EXERCISE DIRECTIONS: Please reproduce the data exactly and omit the pictures.
---- DATA SHOWN
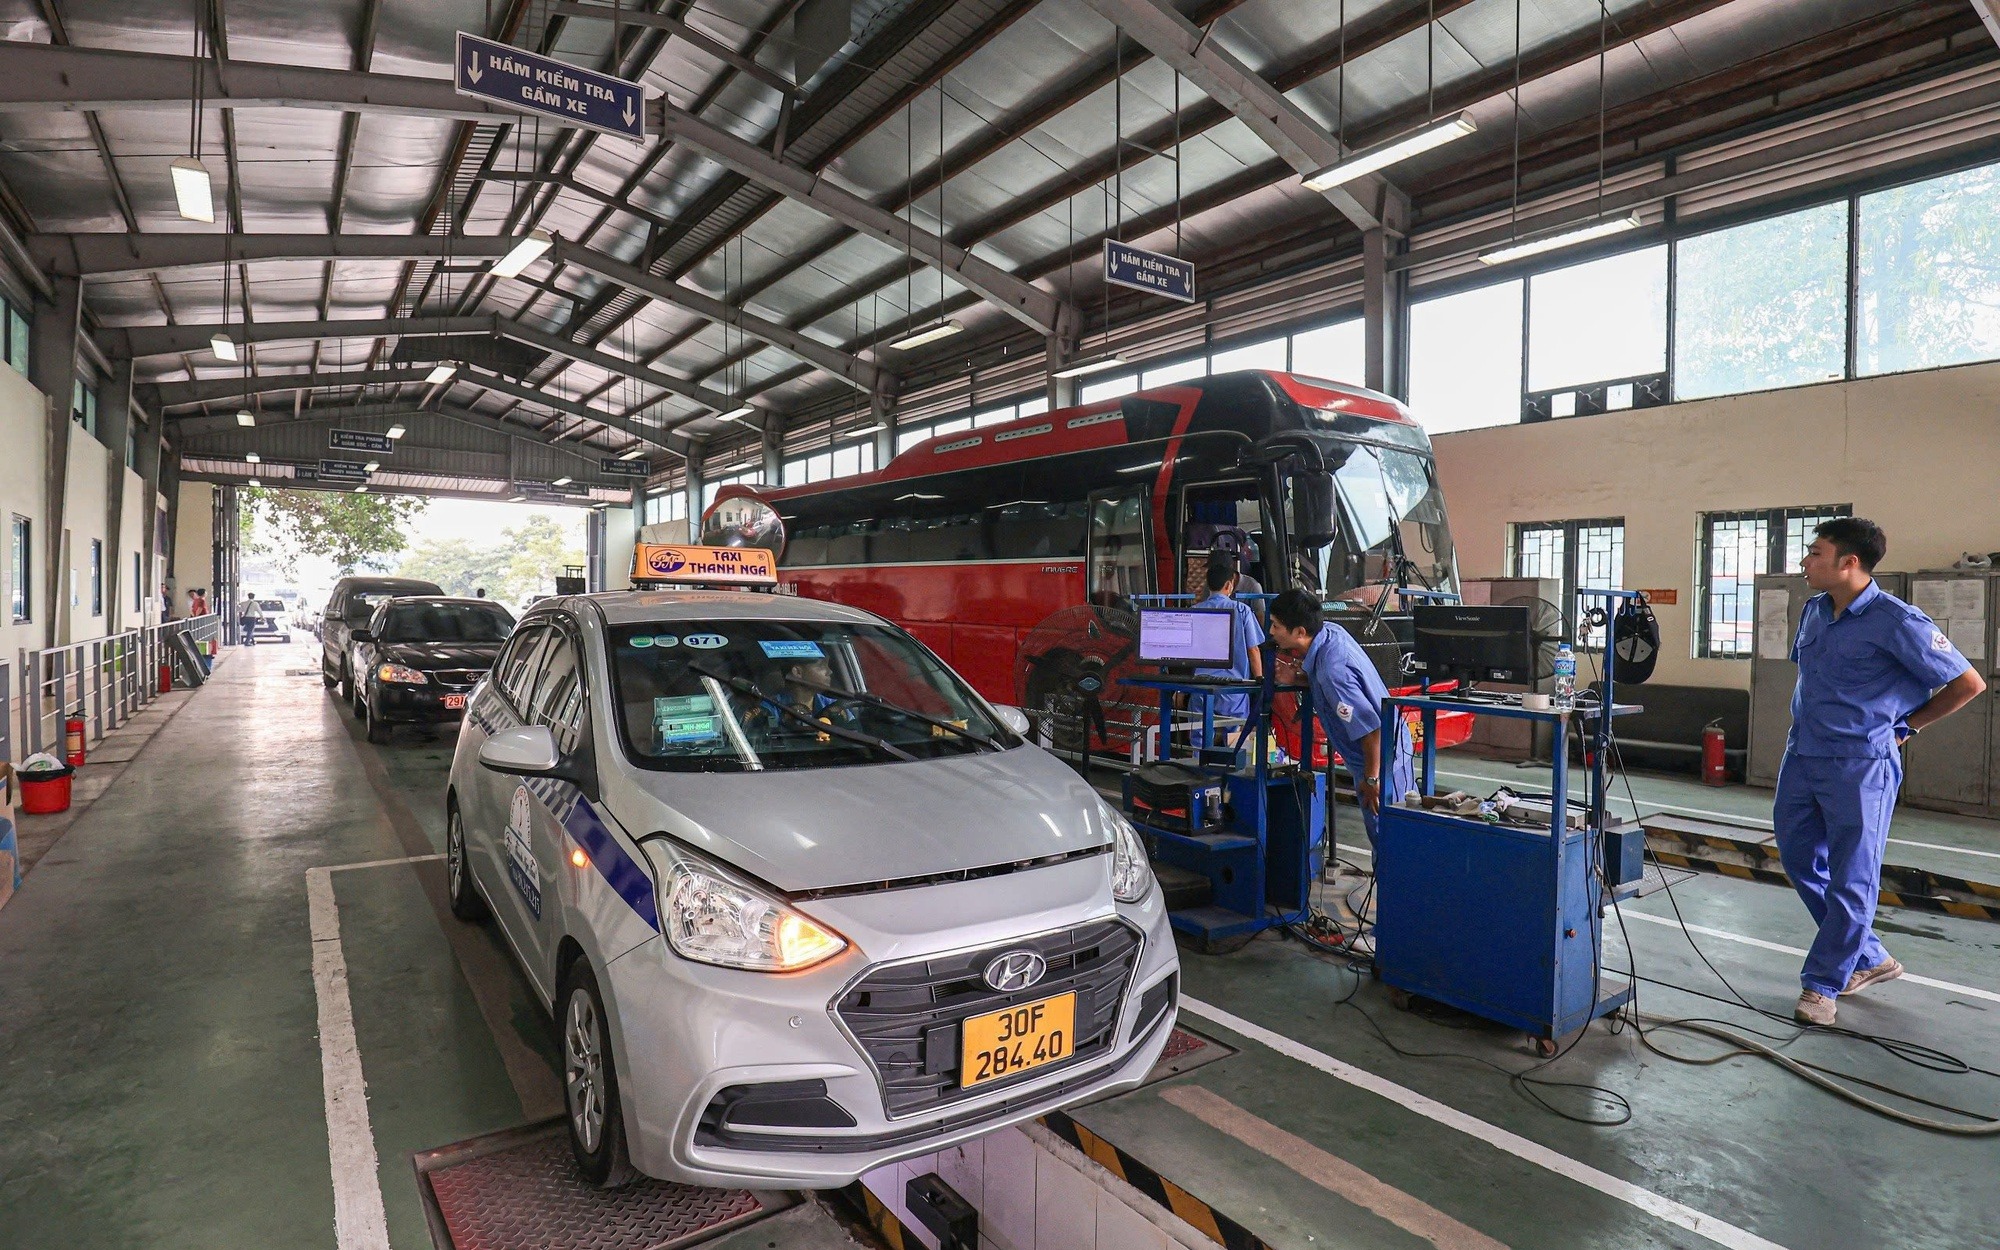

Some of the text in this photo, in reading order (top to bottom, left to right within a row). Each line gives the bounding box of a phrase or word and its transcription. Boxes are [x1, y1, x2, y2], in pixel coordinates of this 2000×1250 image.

[489, 55, 615, 103] HẦM KIỂM TRA
[521, 85, 587, 115] GẦM XE
[1165, 265, 1180, 277] TRA
[1157, 277, 1168, 288] XE
[712, 551, 742, 562] TAXI
[689, 562, 767, 575] THANH NGA
[689, 636, 721, 646] 971
[997, 1003, 1045, 1042] 30F
[975, 1030, 1063, 1081] 284.40
--------
RESULT BELOW:
Some of the text in this photo, in reading order (top to bottom, left to right within a row). Each line gives the bounding box of a phrase or word and its transcription. Boxes are [x1, y1, x2, y2], in pixel coordinates of this 2000×1250 image.

[489, 55, 615, 103] HẦM KIỂM TRA
[521, 85, 587, 115] GẦM XE
[1165, 265, 1180, 277] TRA
[1157, 277, 1168, 288] XE
[712, 551, 742, 562] TAXI
[689, 562, 767, 575] THANH NGA
[689, 636, 721, 646] 971
[997, 1003, 1045, 1042] 30F
[975, 1030, 1063, 1081] 284.40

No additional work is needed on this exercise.